29. Uluslararası İnsan Kaynakları Konferansı


Ana teması "Geleceğin Organizasyonunu Yaratmada İnsan Kaynaklarının Rolü" olan konferansın ilk gününde insan kaynaklarının organizasyon içindeki rolü ve teşkilatlanması, ikinci günü iş dünyası ile kişisel yaşamın ihtiyaçlarının nasıl biraraya getirilebileceği, son gününde ise gelecekte insan kaynaklarının ve organizasyonlarının nasıl bir yapıya kavuşacakları konuları işlendi. Türkiye'den 32 kişinin katıldığı konferansta 9 büyük seminer ile 12 workshop düzenlendi ve Türkçe ile beraber sekiz dilde simultane çeviri yapıldı.

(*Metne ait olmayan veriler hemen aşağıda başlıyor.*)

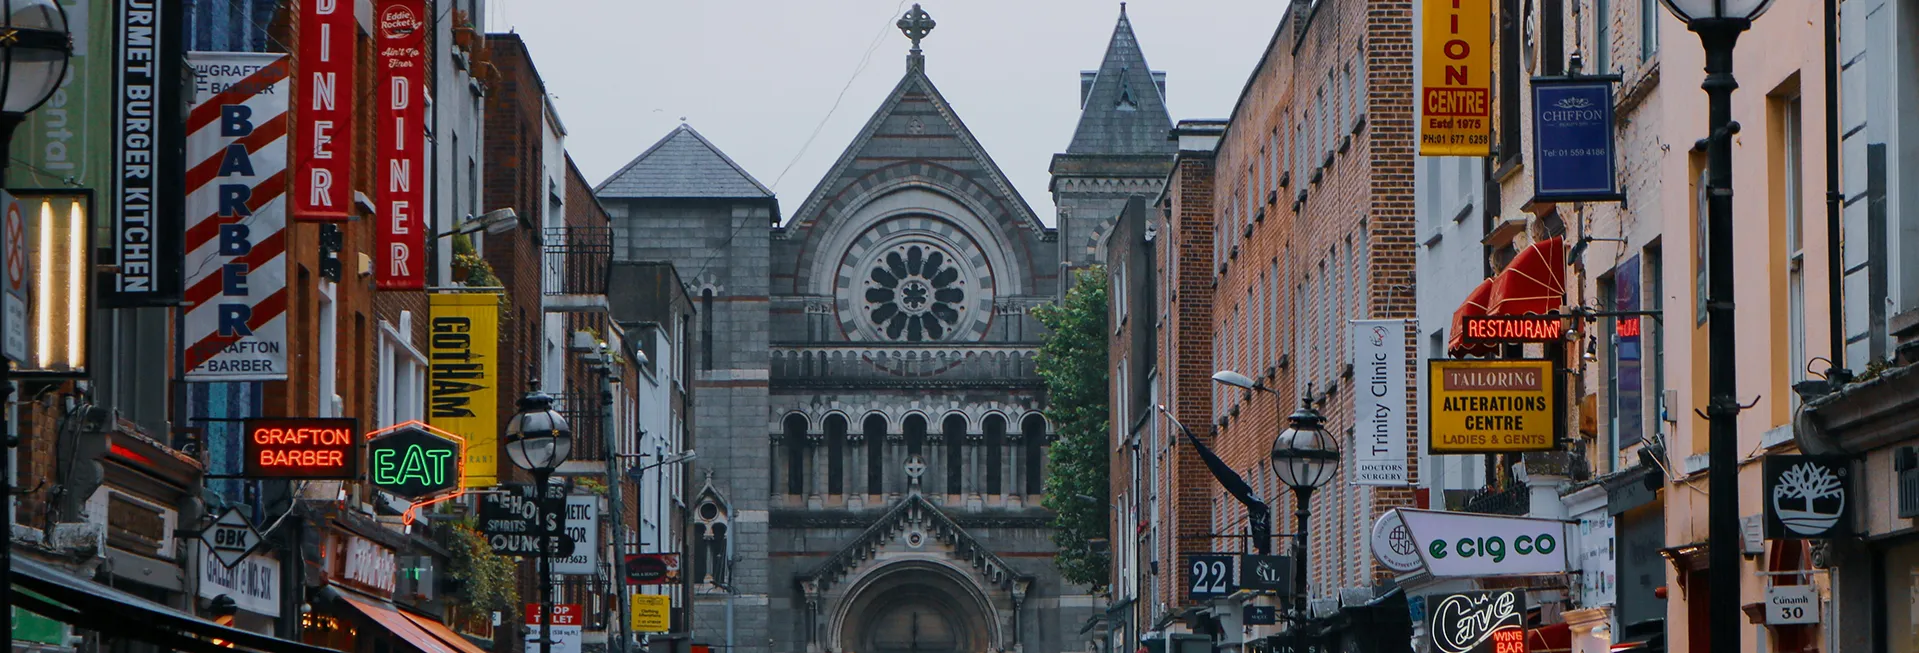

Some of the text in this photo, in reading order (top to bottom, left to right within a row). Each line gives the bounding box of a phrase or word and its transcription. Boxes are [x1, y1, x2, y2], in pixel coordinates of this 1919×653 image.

[386, 11, 411, 21] Eddie
[209, 64, 283, 77] GRAFTON
[196, 64, 208, 94] THE
[210, 82, 275, 95] BARBER
[1428, 90, 1484, 114] CENTRE
[1429, 118, 1482, 129] Estd 1975
[1542, 110, 1603, 122] CHIFFON
[125, 84, 152, 179] BURGER
[1422, 134, 1488, 145] PH:01 677 6258
[1543, 149, 1557, 157] Tel:
[1558, 149, 1568, 157] 01
[389, 76, 410, 276] DINER
[217, 104, 255, 337] BARBER
[124, 187, 150, 292] KITCHEN
[1468, 319, 1561, 339] RESTAURANT
[207, 341, 279, 354] GRAFTON
[208, 359, 273, 372] BARBER
[432, 317, 487, 418] GOTHAM
[1451, 372, 1536, 388] TAILORING
[1371, 353, 1391, 456] Trinity Clinic
[1443, 396, 1546, 411] ALTERATIONS
[1465, 415, 1523, 430] CENTRE
[254, 428, 350, 446] GRAFTON
[1443, 434, 1546, 445] LADIES & GENTS
[259, 450, 344, 467] BARBER
[374, 444, 452, 487] EAT
[522, 485, 564, 498] WIES
[487, 519, 527, 531] SPIRITS
[214, 528, 247, 548] GBK
[484, 533, 559, 553] OUNE
[1428, 539, 1448, 559] e
[1456, 536, 1506, 563] cig
[1514, 533, 1556, 555] co
[260, 566, 272, 601] SIX
[1192, 560, 1226, 593] 22
[1474, 594, 1488, 604] LA
[553, 615, 574, 623] LET
[1781, 606, 1804, 620] 30
[1432, 591, 1516, 653] Cave
[1494, 631, 1523, 641] WINE
[1496, 642, 1524, 653] BAR

Yılda bir kez düzenlenen ve 30'uncusu Viyana'da gerçekleştirilecek olan konferansa Türkiye'den şu şirketler katıldı:

Arçelik, Bank Kapital, Botaş, Castrol, Demirbank, Eczacıbaşı Holding, I Bimsa, Türkiye Kalkınma Bankası, İMKB, Marshall Boya, Netaş, Philip Morris Sa, Philsa İzmir, Pınar Süt, Sabancı Holding, Garanti Bankası, Toprakbank, Yapı ve Kredi, Yaşar Holding, Ericcson, Bekoteknik, Sabah İnsan Kaynakları.

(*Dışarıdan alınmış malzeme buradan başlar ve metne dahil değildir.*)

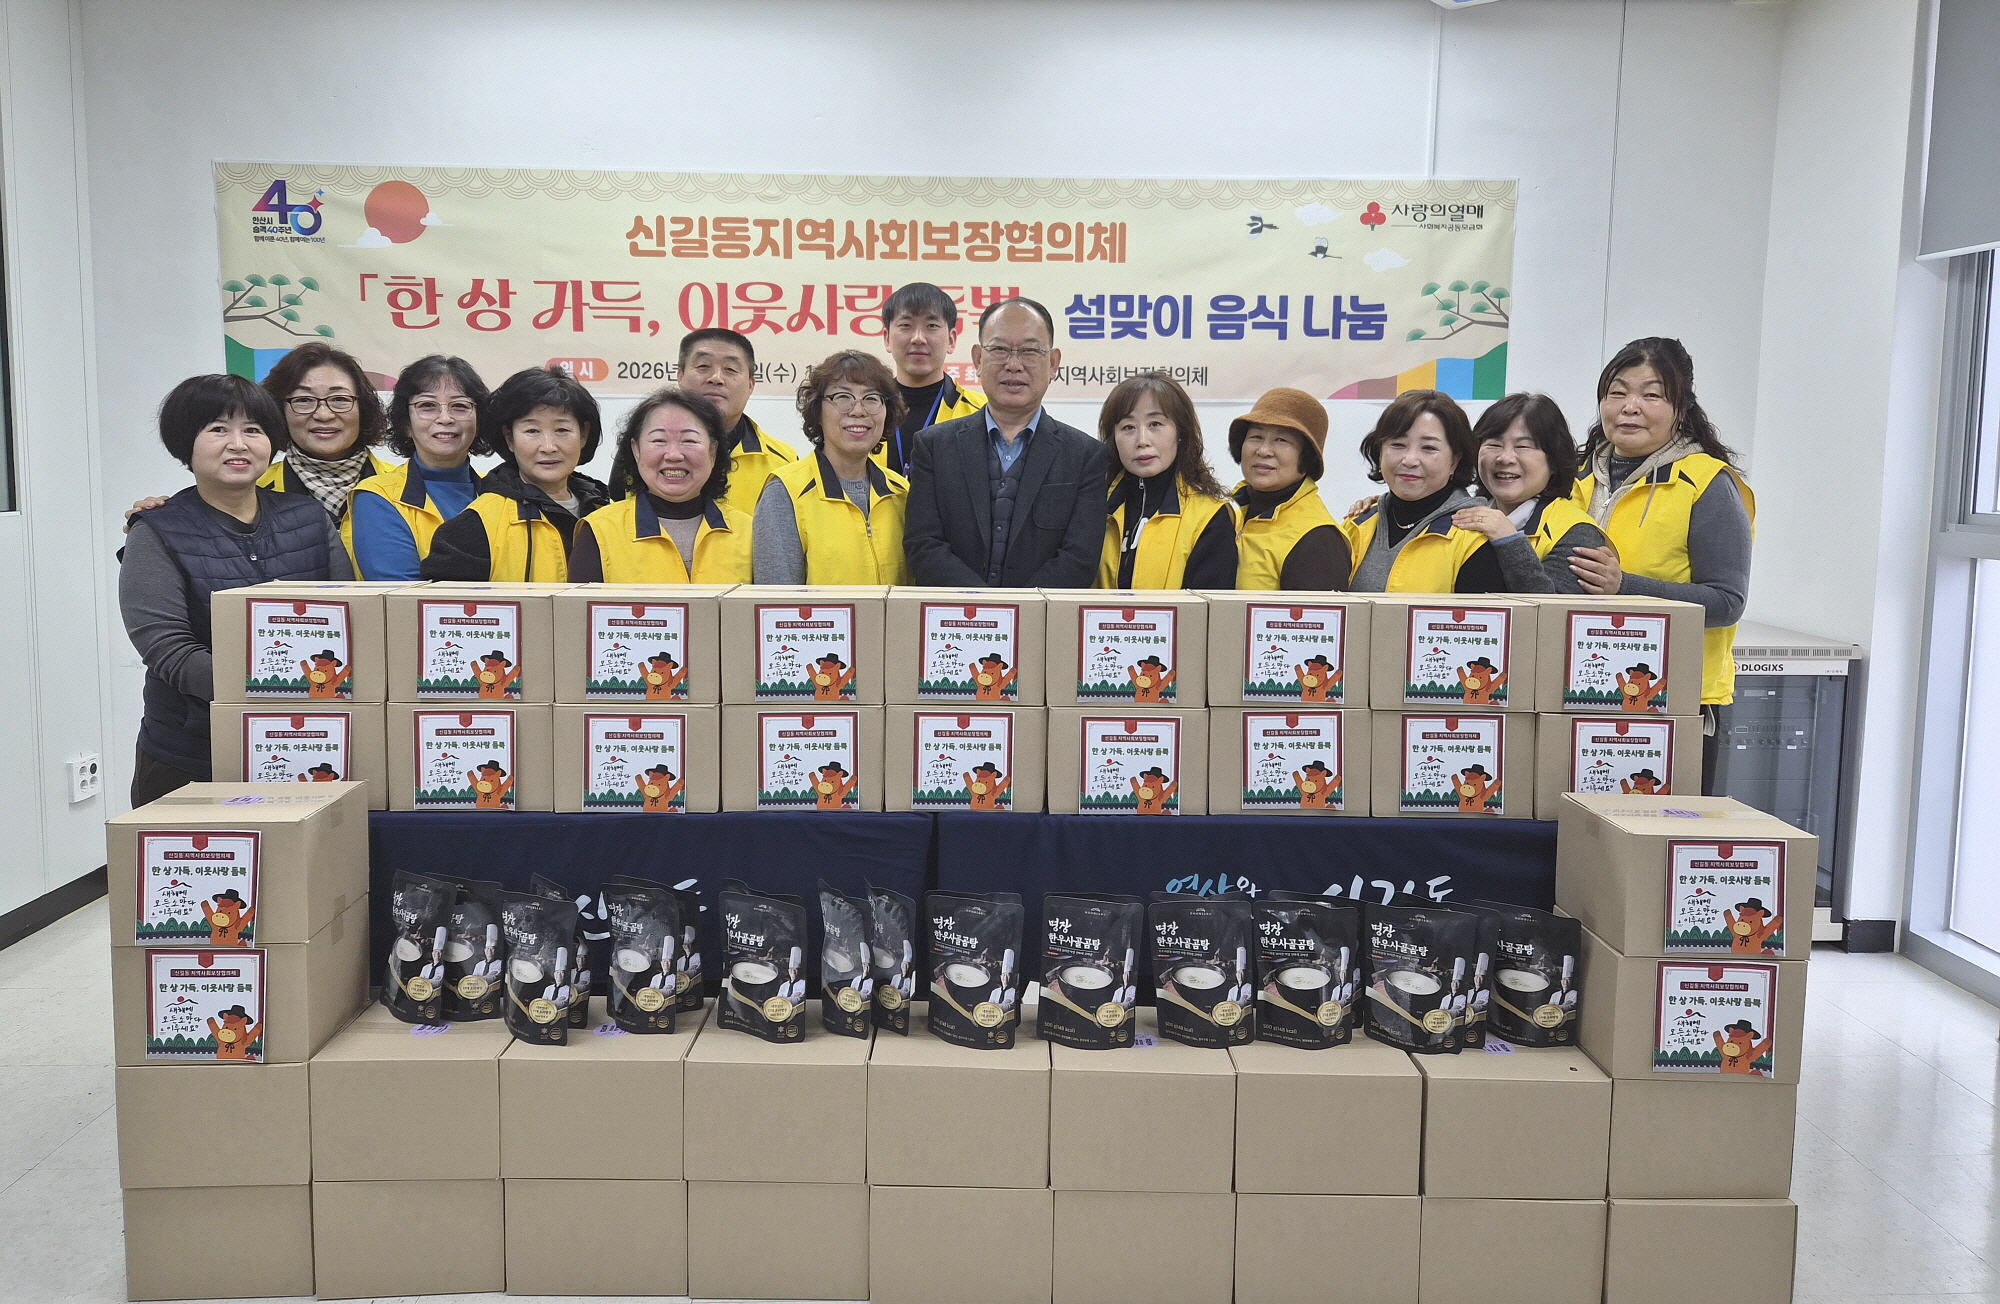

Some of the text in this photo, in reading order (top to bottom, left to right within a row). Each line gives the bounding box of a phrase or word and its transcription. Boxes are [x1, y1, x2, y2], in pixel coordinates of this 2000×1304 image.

[1391, 204, 1484, 222] 사랑의열매
[252, 216, 273, 225] 안산시
[625, 214, 1127, 264] 신길동지역사회보장협의체
[456, 278, 517, 332] 상
[531, 279, 660, 337] 가득,
[678, 281, 893, 337] 이웃사랑
[1064, 294, 1192, 340] 설맞이
[1206, 294, 1289, 341] 음식
[1302, 295, 1388, 341] 나눔
[258, 629, 266, 637] 한
[268, 629, 275, 637] 상
[430, 630, 437, 638] 한
[439, 630, 446, 638] 상
[766, 634, 773, 642] 한
[775, 634, 782, 642] 상
[931, 632, 937, 640] 한
[1090, 635, 1096, 643] 한
[1265, 634, 1272, 642] 상
[1427, 636, 1434, 644] 상
[1578, 641, 1584, 649] 한
[1741, 663, 1784, 672] DLOGIXS
[152, 866, 161, 876] 한
[163, 866, 172, 876] 상
[196, 866, 229, 876] 이웃사랑
[1680, 875, 1687, 884] 한
[1689, 876, 1697, 884] 상
[1720, 876, 1752, 885] 이웃사랑
[933, 915, 956, 930] 명장
[1048, 917, 1072, 933] 명장
[1155, 921, 1179, 935] 명장
[1259, 921, 1284, 936] 명장
[1371, 922, 1396, 938] 명장
[727, 928, 765, 947] 우사골곰탕
[934, 930, 978, 949] 한우사골곰탕
[1048, 932, 1101, 950] 한우사골곰탕
[1156, 936, 1210, 951] 한우사골곰탕
[1260, 937, 1315, 951] 한우사골곰탕
[1371, 936, 1429, 957] 한우사골곰탕
[160, 984, 168, 992] 한
[170, 984, 178, 992] 상
[201, 984, 234, 992] 이웃사랑
[1669, 996, 1677, 1004] 한
[1679, 996, 1687, 1005] 상
[1710, 997, 1742, 1006] 이웃사랑

Konusunda birçok uzmanı biraraya getiren ve izleyenlerin aktif katılımıyla gerçekleşen konferansı izleme imkanı bulamayan okurlarımız için Konferans sonunda Management Center Europe'un yayınladığı 'News' adlı konferans bülteninden seçtiğimiz bazı bölümleri aktarıyoruz:

Mark Thomas / Konferans Başkanı, Danışman

(Thomas yaptığı açılış konuşmasında kendi gibi insan kaynakları uzmanlarına şöyle bir özeleştiri getirdi:)

"Bu konunun uzmanları olarak bizler organizasyonlarımızda İnsan Kaynakları adına yapmamız gerekenleri şimdiye kadar yeterince yapamadık. Mesela re engineering uygulamasında maliyetleri kontrol altında tutmak için inisiyatifi sadece finansman departmanına bıraktık. Aslında kendimizi İnsan Kaynakları Departmanı olarak adlandırmamız da doğru değil, çünkü bu işi tam anlamıyla yapmıyoruz. Daha çok çalışanlara performans desteği sağlıyoruz."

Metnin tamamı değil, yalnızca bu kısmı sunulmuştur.